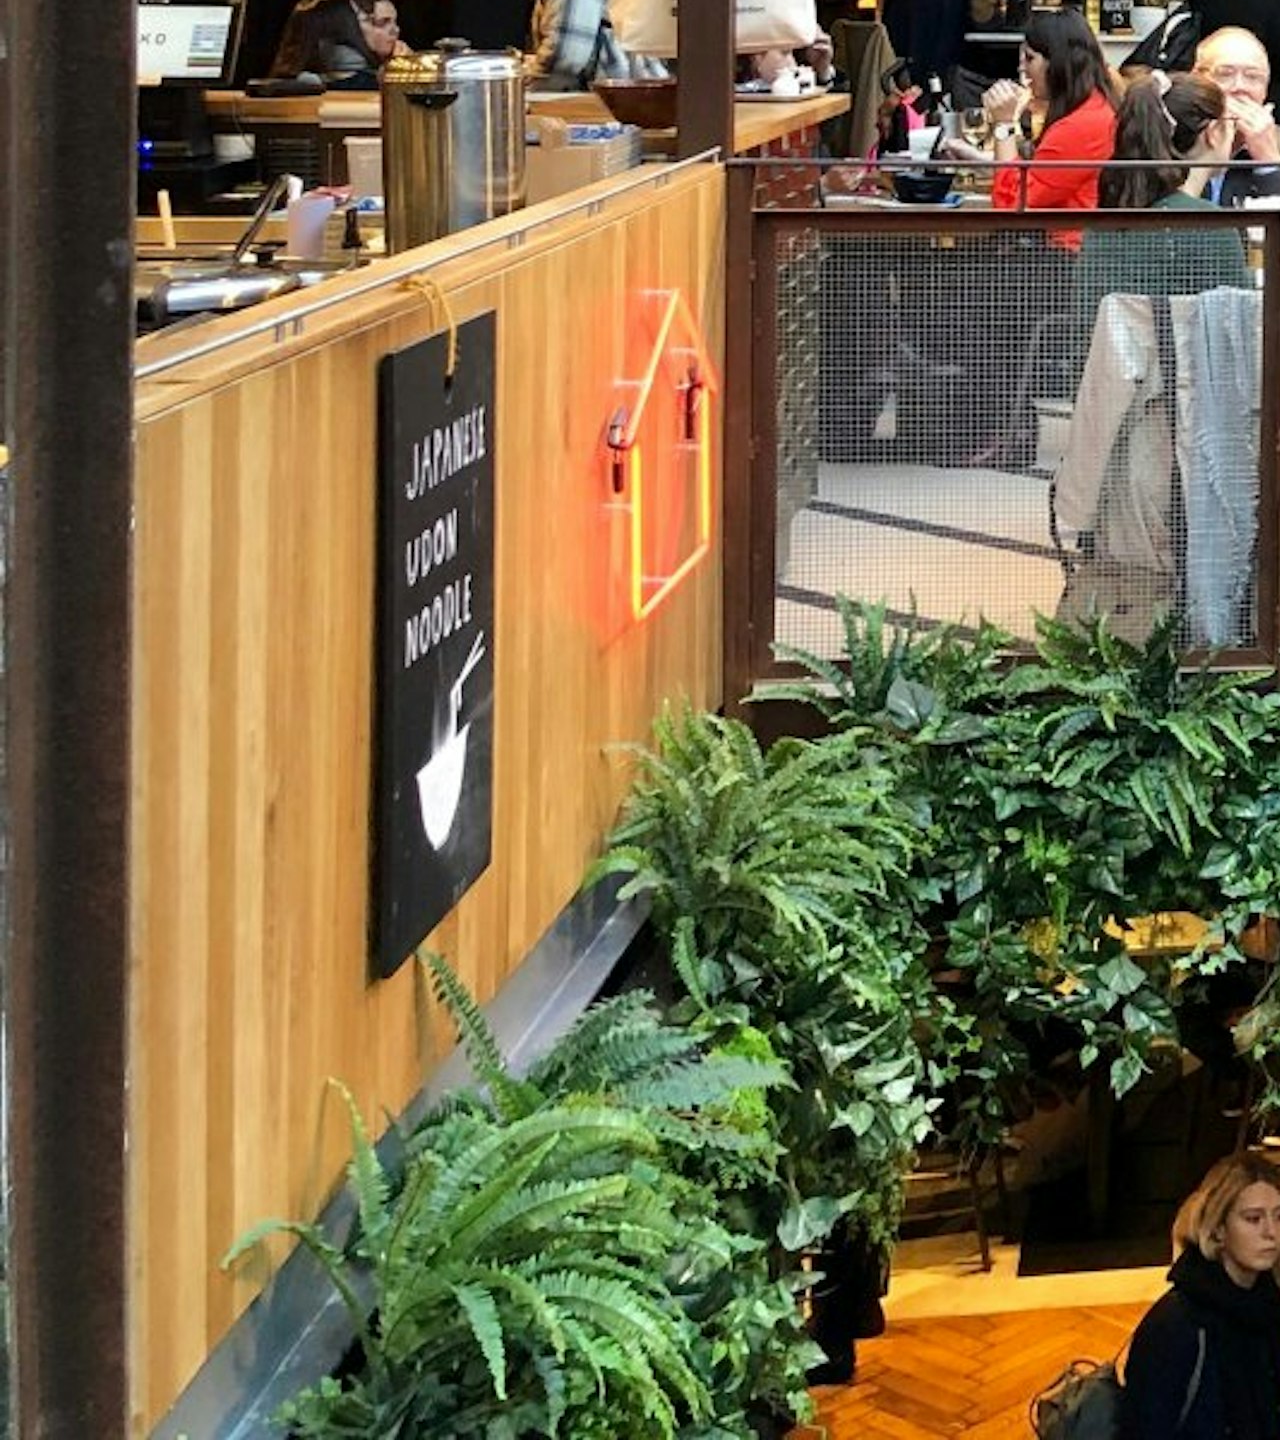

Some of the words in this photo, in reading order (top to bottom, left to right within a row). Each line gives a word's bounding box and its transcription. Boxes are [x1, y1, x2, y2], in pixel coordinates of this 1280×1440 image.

[405, 405, 487, 501] JAPANESE
[406, 507, 459, 588] UDON
[404, 573, 473, 669] NOODLE
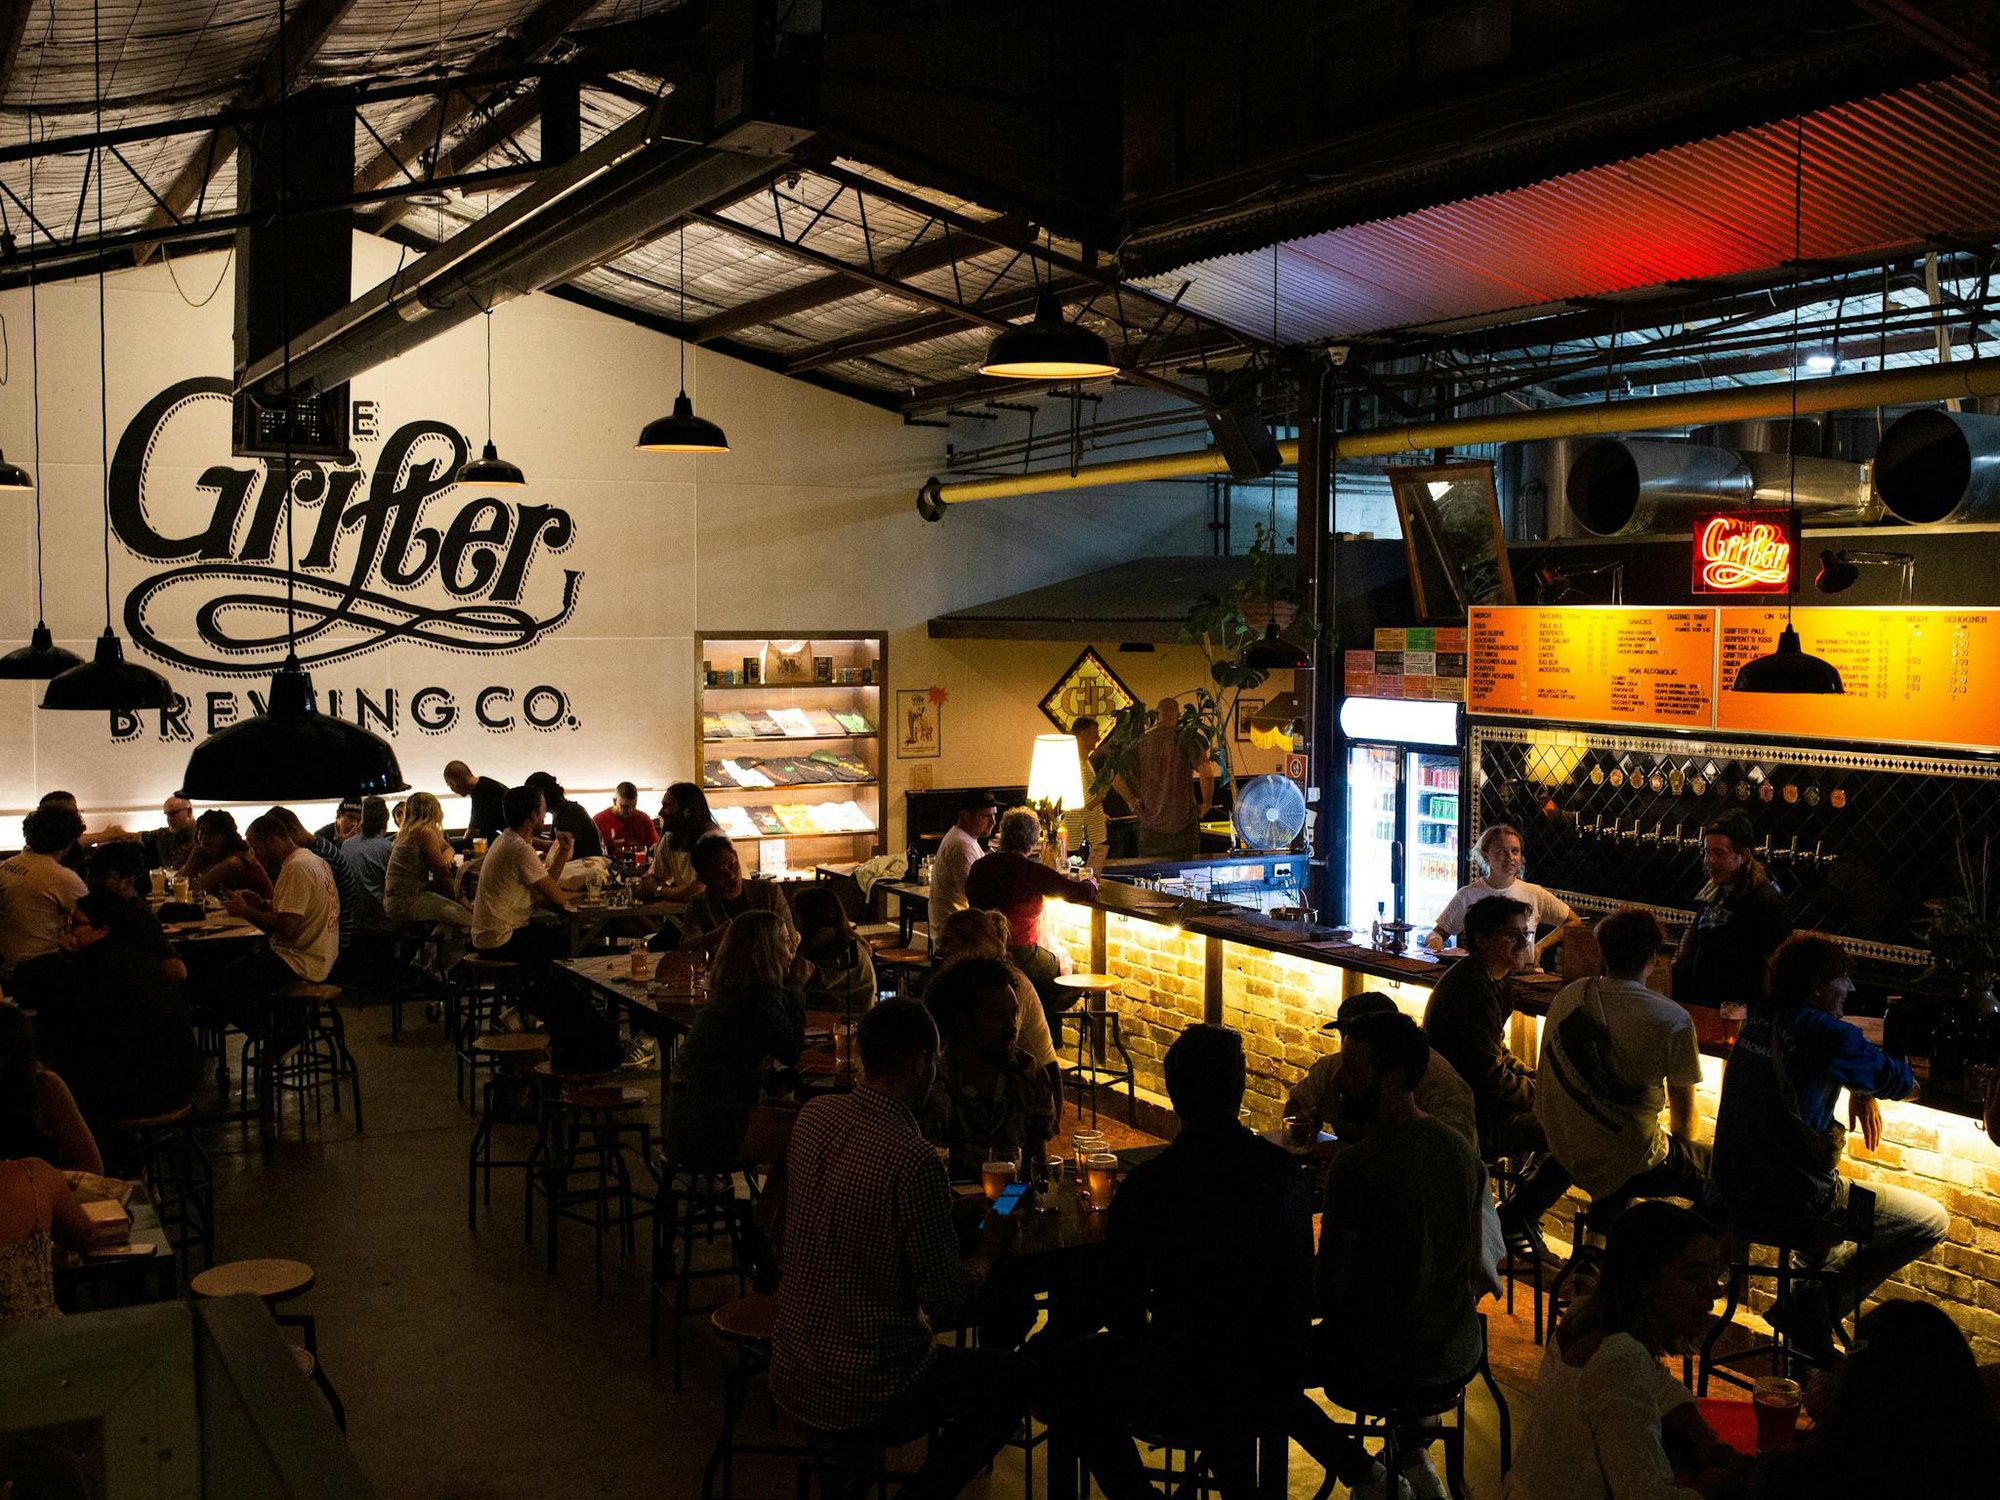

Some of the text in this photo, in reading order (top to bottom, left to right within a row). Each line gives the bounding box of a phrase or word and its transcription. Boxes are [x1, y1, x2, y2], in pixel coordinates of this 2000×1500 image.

[108, 376, 582, 676] Grifter
[109, 684, 580, 743] BREING CO.
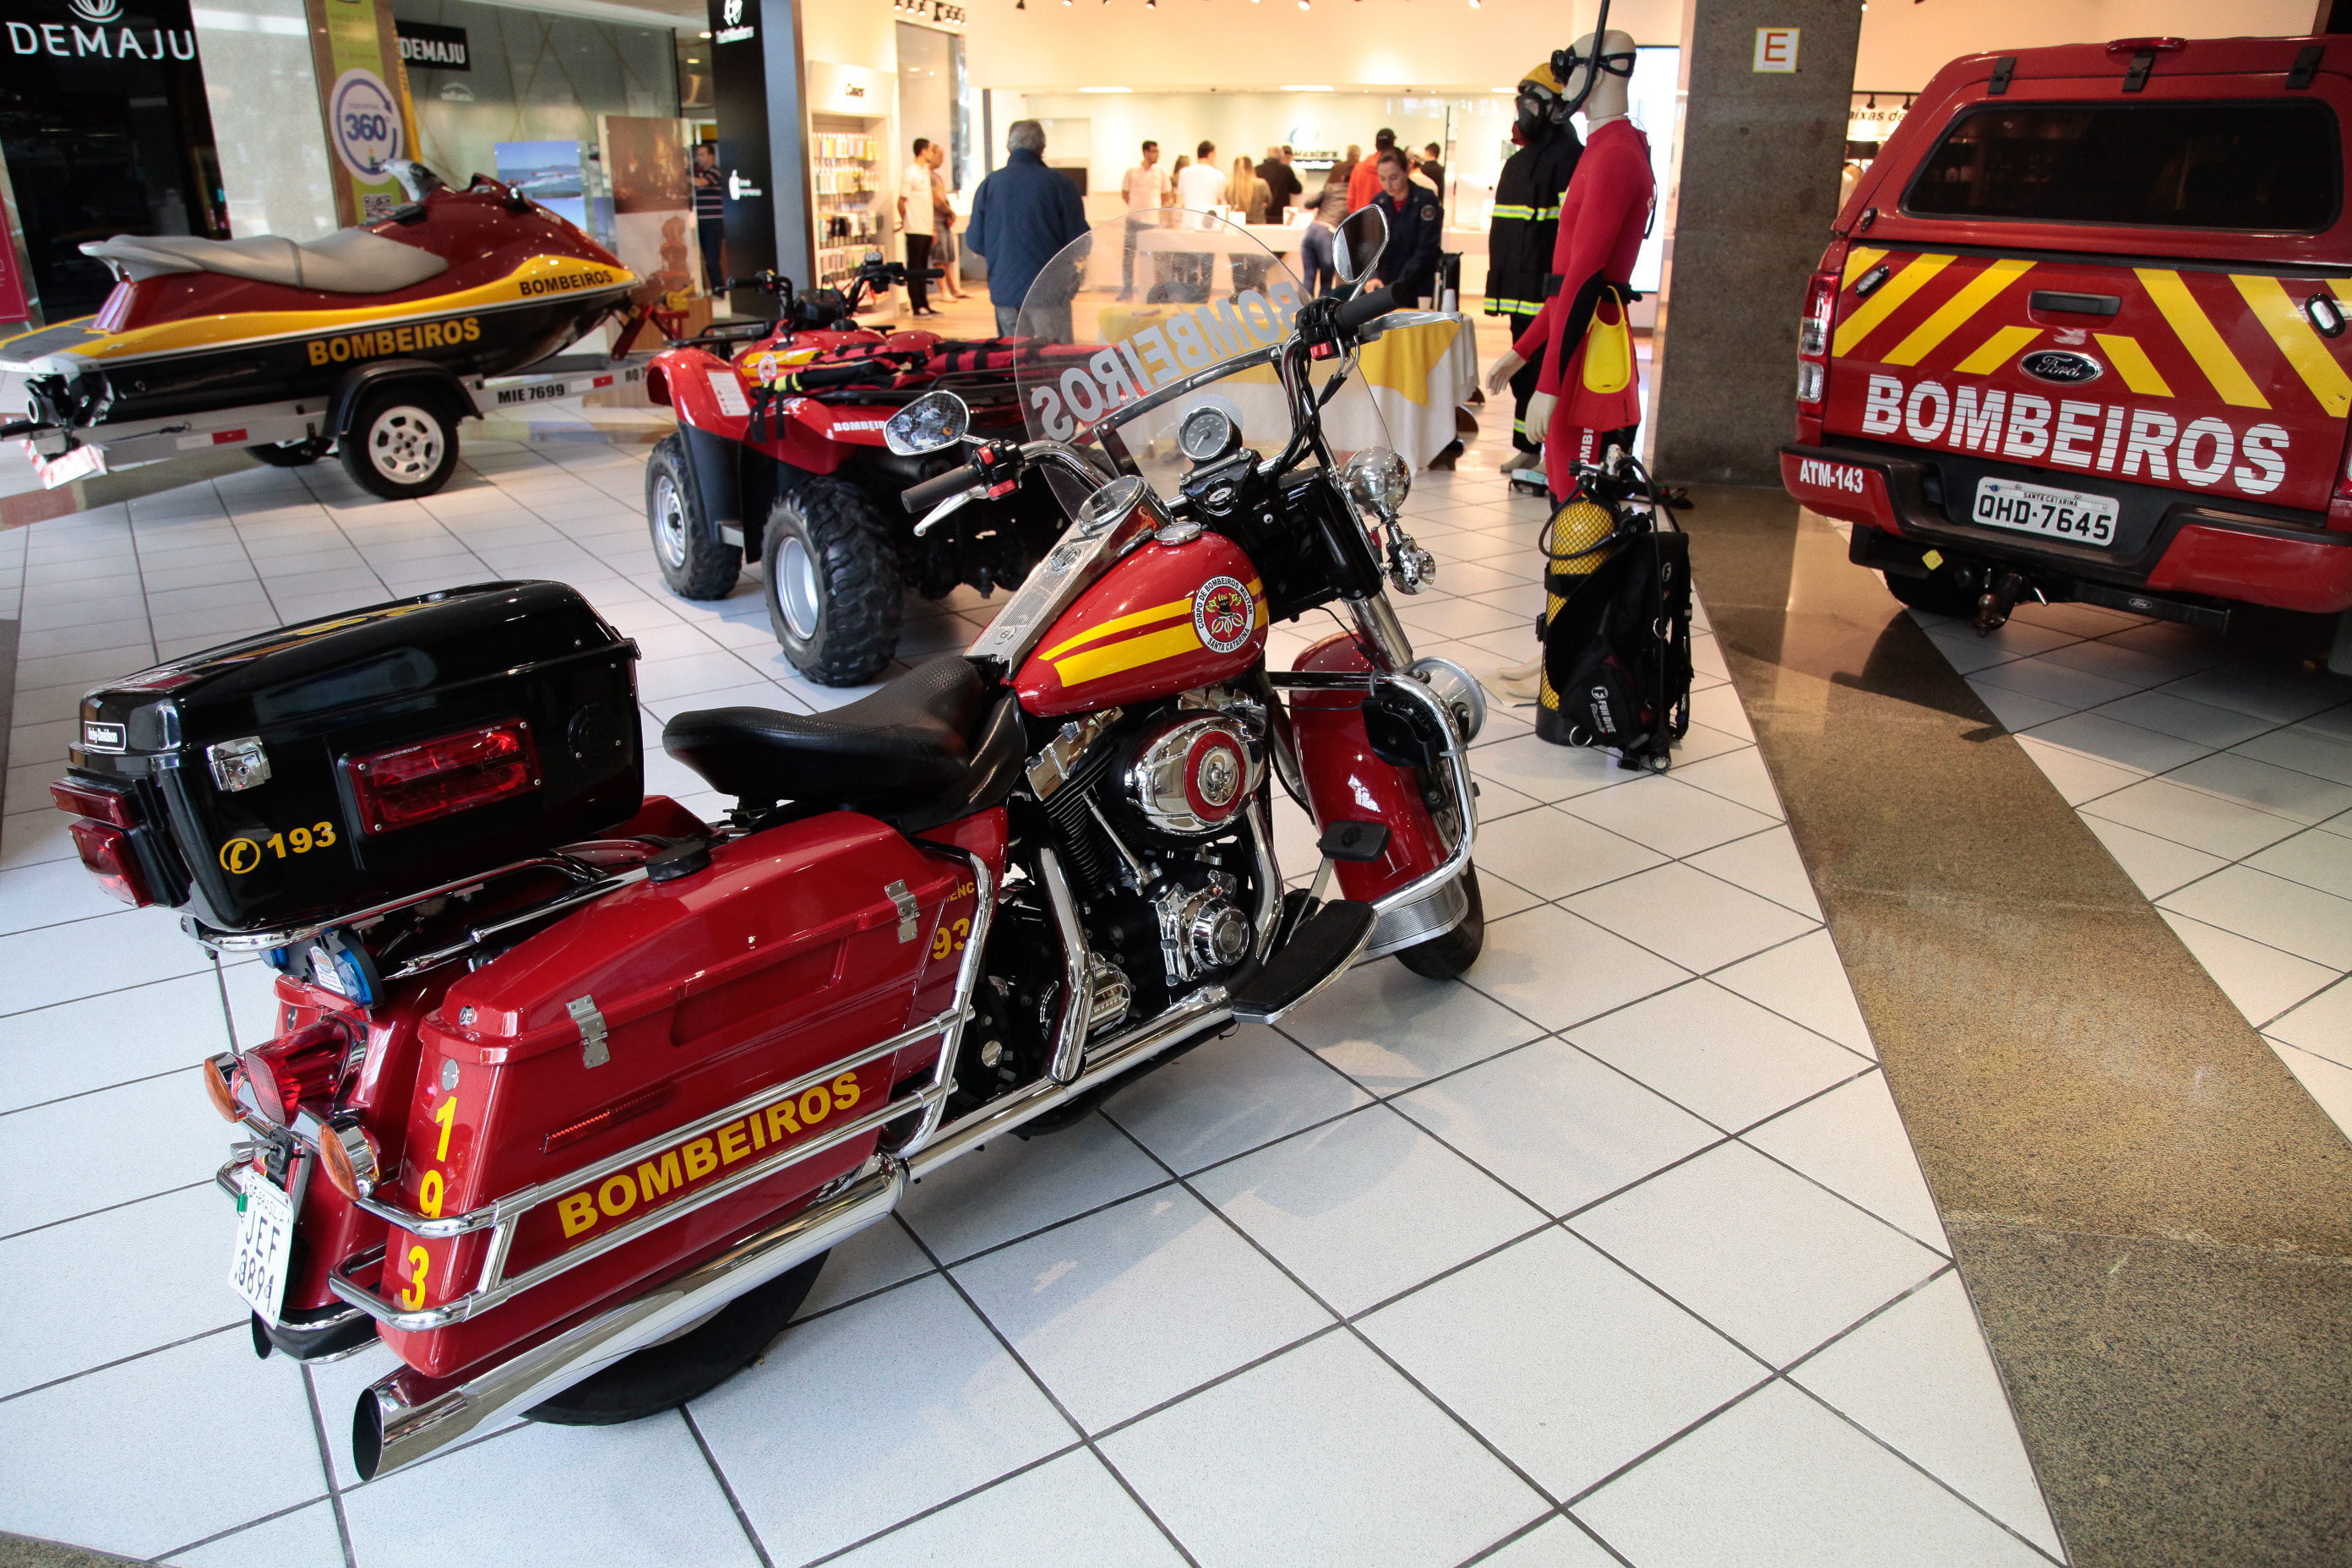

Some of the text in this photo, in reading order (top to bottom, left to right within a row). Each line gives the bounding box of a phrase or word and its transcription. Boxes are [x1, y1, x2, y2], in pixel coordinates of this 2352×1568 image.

▶ [Required work] Write out the entries above in full and exactly; no pictures.

▶ [Exercise answer]
Some of the words in this photo, in reading order (top to bottom, left to right within a row). Each line gives a word's bounding box and its transcription. Boxes are [x1, y1, x2, y2], in pixel coordinates of this 1280×1440 image.

[405, 405, 487, 501] JAPANESE
[406, 507, 459, 588] UDON
[404, 573, 473, 669] NOODLE

Some of the text in this photo, in reading order (top to bottom, left to right within a row). Each line gives the bounding box of a phrase or word and its transcription. Boxes are [x1, y1, x2, y2], in pixel coordinates of this 2000×1500 image.

[108, 376, 582, 676] Grifter
[109, 684, 580, 743] BREING CO.

Some of the text in this photo, in reading order (top to bottom, left to right within a row). Each line gives the bounding box of a phrase or word and its transcription. Boxes are [x1, y1, x2, y2], in pixel coordinates of this 2352×1568 image.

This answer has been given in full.